“You’ll need medical care.”
“I’ll fly where I need to. Or we can bring people to me.”
I thought about it. “It’s a good plan.”
“Yeah?” Celia was flattered, I could tell.
“The student has become the master,” I said.
She laughed, and I kissed her.
“We’re home,” I said.
This wasn’t my home. We’d never lived here together before. But she knew what I meant.
“Yes,” she said. “We’re home.”
Now This
July 1, 1988
EVELYN HUGO AND MAX GIRARD DIVORCE TURNS UGLY AMID REPORTS OF HUGO CHEATING
Evelyn Hugo is headed to divorce court one more time. She filed papers citing “irreconcilable differences” this week. And while she’s an old hand at this, it looks like this one’s gonna be a doozy.

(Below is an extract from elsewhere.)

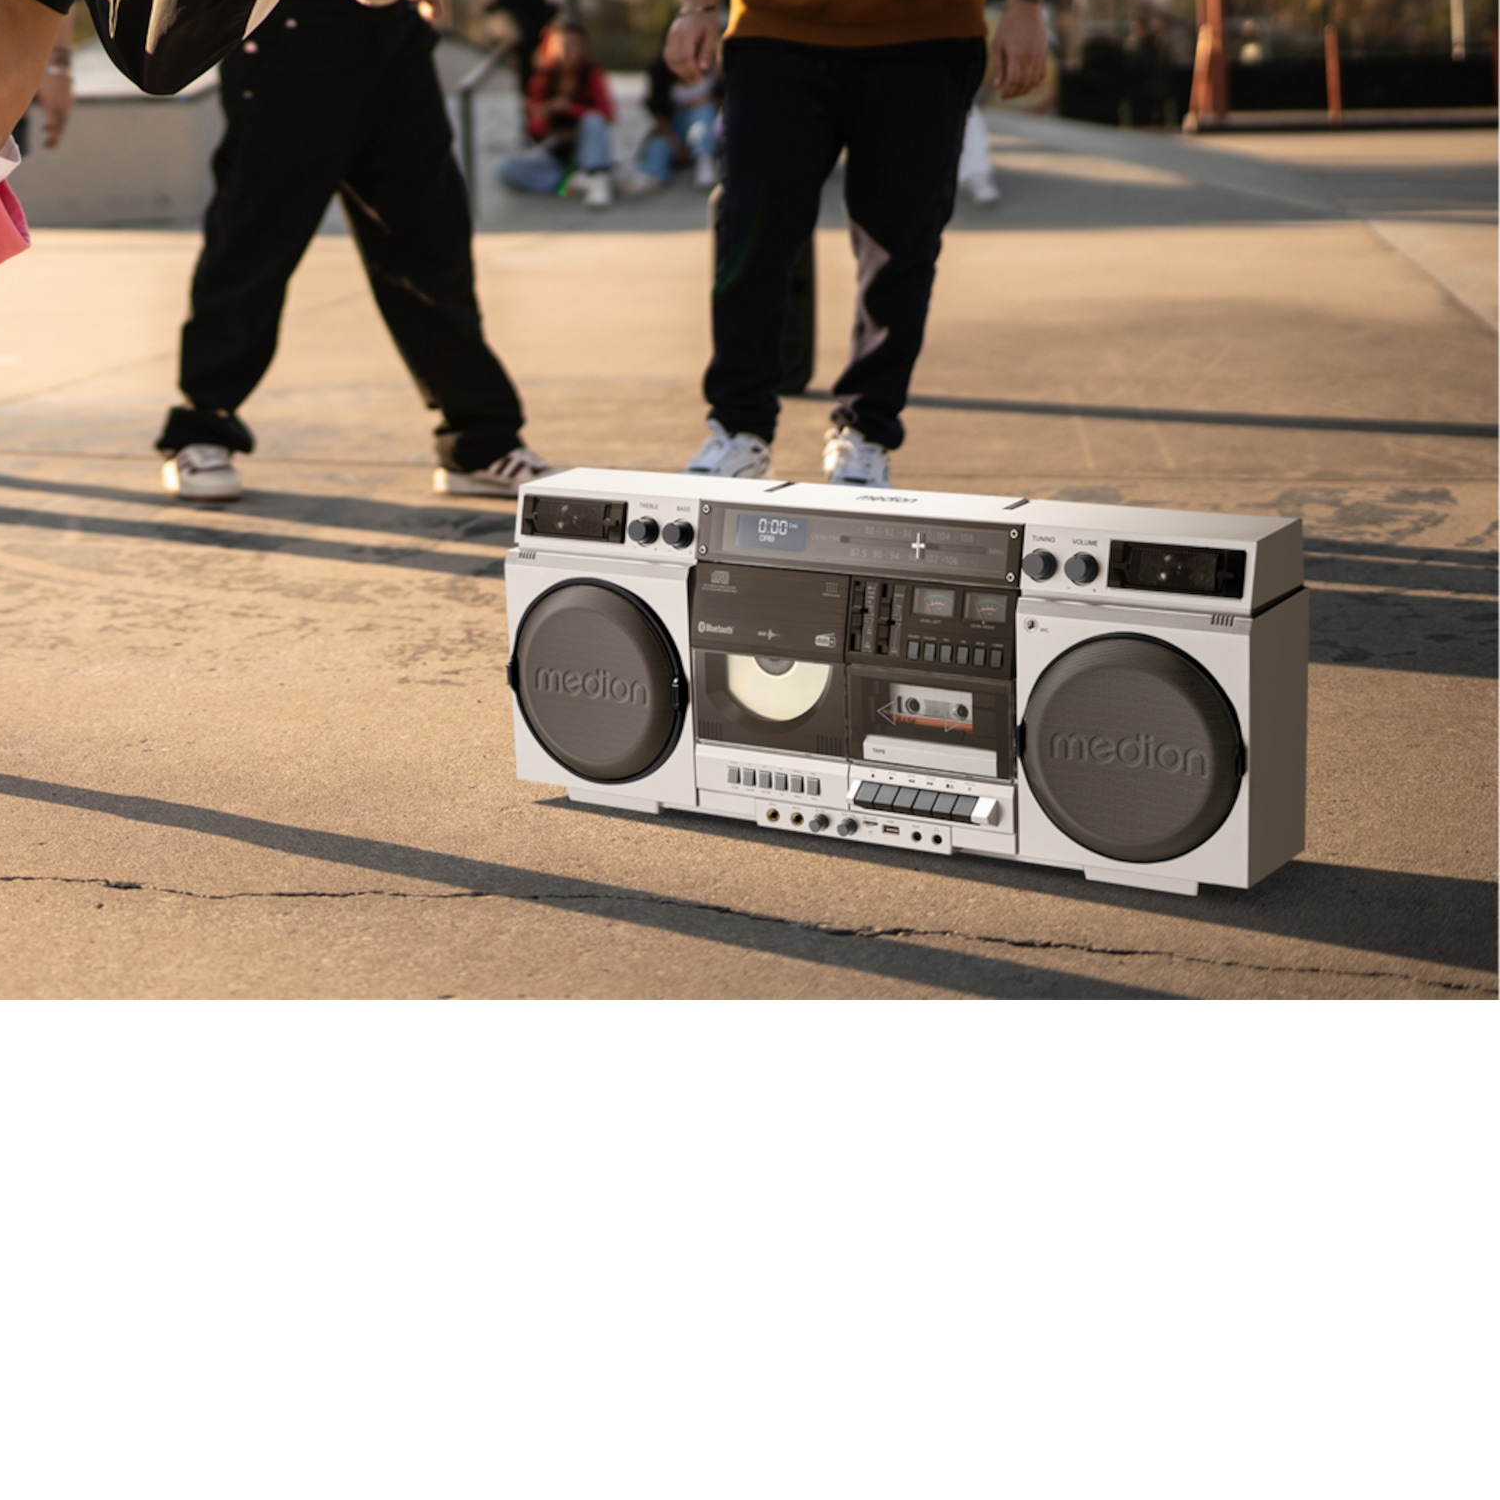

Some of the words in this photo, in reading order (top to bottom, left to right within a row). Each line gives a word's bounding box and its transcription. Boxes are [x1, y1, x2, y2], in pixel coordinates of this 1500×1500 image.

Sources say Max Girard is seeking spousal support, and reports have surfaced claiming that Girard is bad-mouthing Hugo all over town.
“He’s so angry he’s saying just about anything he can to get back at her,” an insider close to the former couple says. “You name it, he’s said it. She’s a cheater, she’s a lesbian, she owes him her Oscar. It’s clear he’s very heartbroken.”

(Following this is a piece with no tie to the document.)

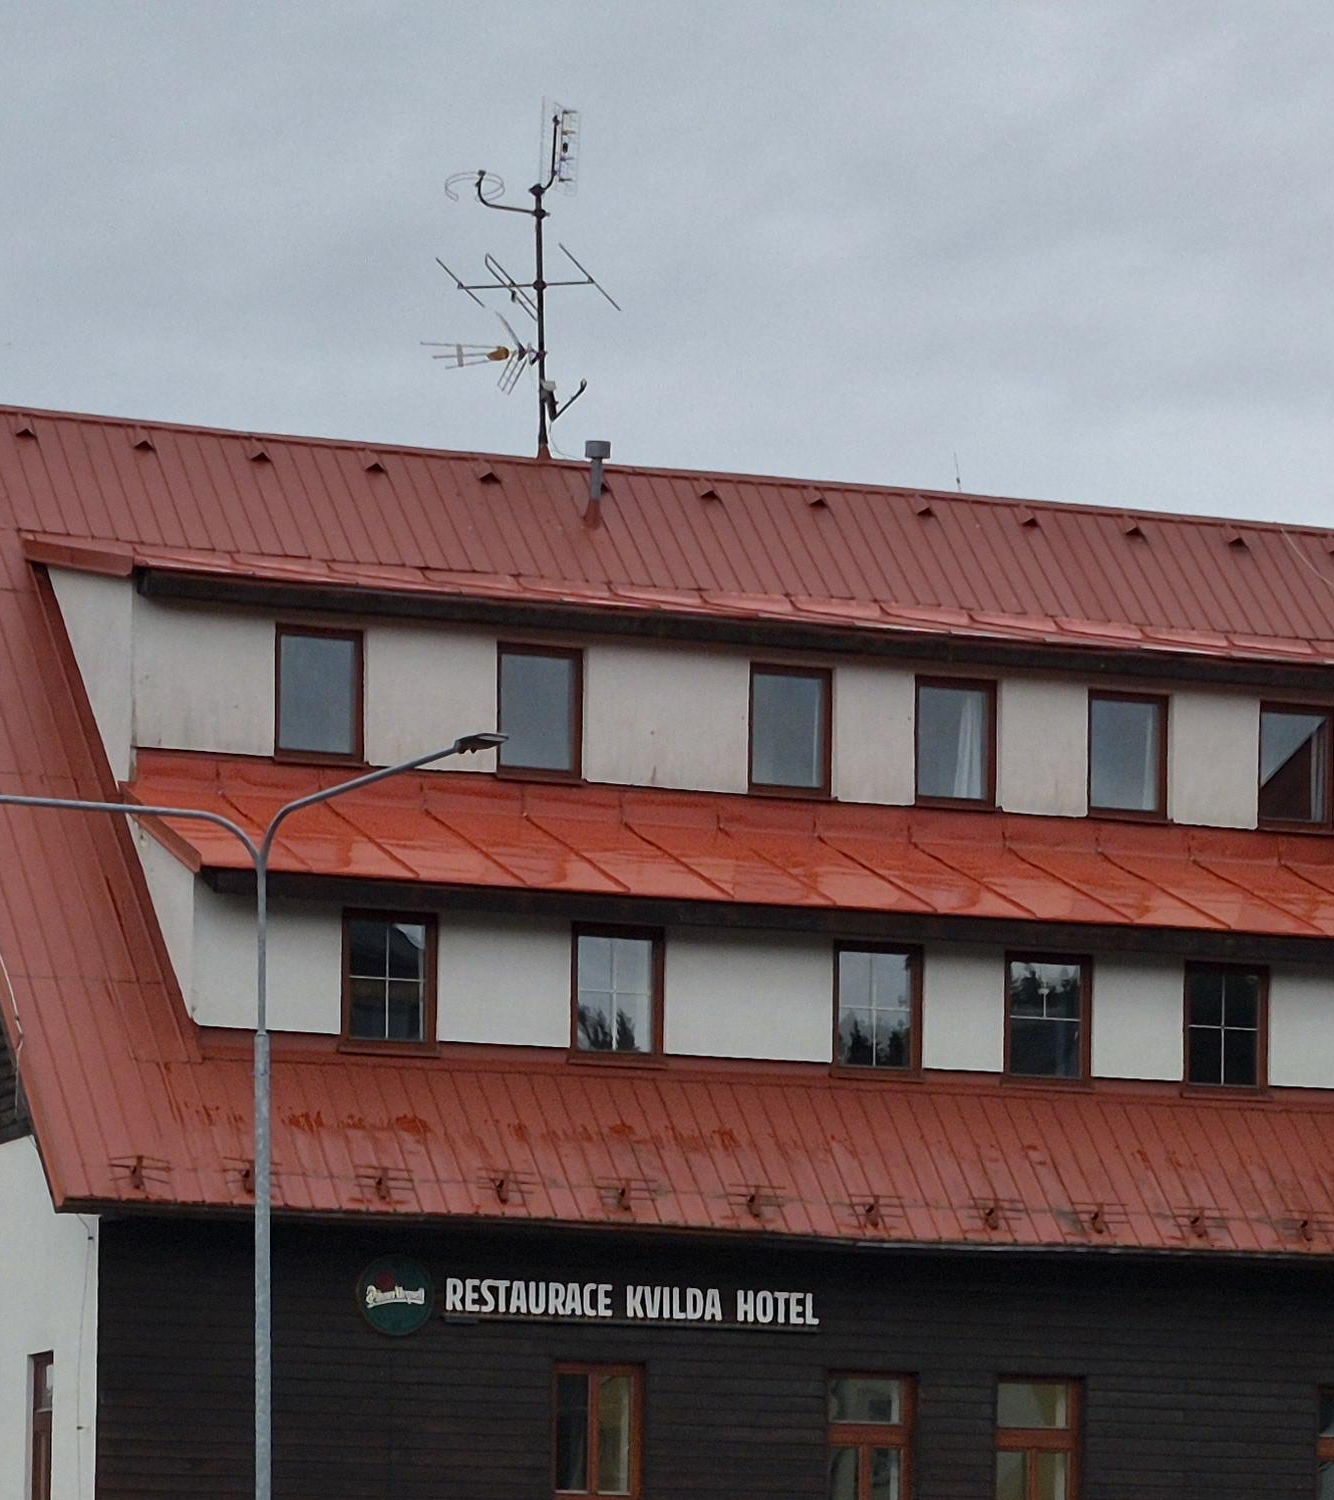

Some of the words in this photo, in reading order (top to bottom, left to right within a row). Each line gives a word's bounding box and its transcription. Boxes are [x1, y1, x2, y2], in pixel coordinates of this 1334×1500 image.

Hugo was recently seen out with a much younger man last week. Jack Easton, a Democratic congressman from Vermont, is only twenty-nine years old. That’s more than two decades younger than Evelyn. And if the photos of their evening together out to dinner in Los Angeles are any indication, it looks like a blossoming romance.
Hugo doesn’t have a great track record, but in this case, it seems like one thing is clear: Girard’s comments certainly sound like sour grapes.
HARRY WASN’T ON BOARD.
He was the one piece of the plan that wasn’t up to me, the one person I wasn’t willing to manipulate into doing what I wanted him to do. And he didn’t want to leave everything behind and fly off to Europe.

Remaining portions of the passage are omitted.